Please output the entries below from the line that contains "this 1280×1281 image." through the final line, reproduced exactly and alone.

** Extracted data follows **

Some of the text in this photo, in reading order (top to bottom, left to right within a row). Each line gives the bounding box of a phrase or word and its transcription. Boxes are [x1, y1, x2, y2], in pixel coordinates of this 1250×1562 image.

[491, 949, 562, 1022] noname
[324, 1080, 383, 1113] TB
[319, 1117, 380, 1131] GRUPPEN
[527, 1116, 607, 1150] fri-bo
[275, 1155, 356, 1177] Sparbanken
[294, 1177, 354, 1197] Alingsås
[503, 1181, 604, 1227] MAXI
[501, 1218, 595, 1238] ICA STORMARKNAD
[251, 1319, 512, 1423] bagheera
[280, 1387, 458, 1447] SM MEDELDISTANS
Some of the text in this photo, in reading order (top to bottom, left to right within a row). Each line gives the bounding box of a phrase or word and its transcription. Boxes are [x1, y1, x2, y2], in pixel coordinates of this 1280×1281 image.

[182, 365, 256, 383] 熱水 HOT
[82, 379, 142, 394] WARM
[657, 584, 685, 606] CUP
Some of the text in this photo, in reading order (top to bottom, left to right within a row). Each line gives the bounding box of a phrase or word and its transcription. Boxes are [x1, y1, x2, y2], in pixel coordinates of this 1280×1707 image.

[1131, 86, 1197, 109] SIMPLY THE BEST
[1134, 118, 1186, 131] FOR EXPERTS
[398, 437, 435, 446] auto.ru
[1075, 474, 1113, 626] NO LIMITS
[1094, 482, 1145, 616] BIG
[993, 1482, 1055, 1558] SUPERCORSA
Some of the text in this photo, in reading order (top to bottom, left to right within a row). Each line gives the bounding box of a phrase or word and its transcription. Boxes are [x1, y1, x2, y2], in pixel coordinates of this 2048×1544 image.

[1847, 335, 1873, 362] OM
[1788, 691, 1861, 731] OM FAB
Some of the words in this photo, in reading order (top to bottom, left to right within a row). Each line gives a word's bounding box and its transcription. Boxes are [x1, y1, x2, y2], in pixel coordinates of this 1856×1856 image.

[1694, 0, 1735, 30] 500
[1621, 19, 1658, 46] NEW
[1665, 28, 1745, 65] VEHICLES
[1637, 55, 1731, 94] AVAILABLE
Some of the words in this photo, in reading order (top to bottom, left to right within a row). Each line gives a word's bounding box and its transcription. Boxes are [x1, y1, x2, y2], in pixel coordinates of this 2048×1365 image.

** End of Extracted data **

▶ [Output for this exercise]:
Some of the text in this photo, in reading order (top to bottom, left to right within a row). Each line gives the bounding box of a phrase or word and its transcription. Boxes are [x1, y1, x2, y2], in pixel coordinates of this 1280×1281 image.

[182, 365, 256, 383] 熱水 HOT
[82, 379, 142, 394] WARM
[657, 584, 685, 606] CUP
Some of the text in this photo, in reading order (top to bottom, left to right within a row). Each line gives the bounding box of a phrase or word and its transcription. Boxes are [x1, y1, x2, y2], in pixel coordinates of this 1280×1707 image.

[1131, 86, 1197, 109] SIMPLY THE BEST
[1134, 118, 1186, 131] FOR EXPERTS
[398, 437, 435, 446] auto.ru
[1075, 474, 1113, 626] NO LIMITS
[1094, 482, 1145, 616] BIG
[993, 1482, 1055, 1558] SUPERCORSA
Some of the text in this photo, in reading order (top to bottom, left to right within a row). Each line gives the bounding box of a phrase or word and its transcription. Boxes are [x1, y1, x2, y2], in pixel coordinates of this 2048×1544 image.

[1847, 335, 1873, 362] OM
[1788, 691, 1861, 731] OM FAB
Some of the words in this photo, in reading order (top to bottom, left to right within a row). Each line gives a word's bounding box and its transcription. Boxes are [x1, y1, x2, y2], in pixel coordinates of this 1856×1856 image.

[1694, 0, 1735, 30] 500
[1621, 19, 1658, 46] NEW
[1665, 28, 1745, 65] VEHICLES
[1637, 55, 1731, 94] AVAILABLE
Some of the words in this photo, in reading order (top to bottom, left to right within a row). Each line gives a word's bounding box and its transcription. Boxes are [x1, y1, x2, y2], in pixel coordinates of this 2048×1365 image.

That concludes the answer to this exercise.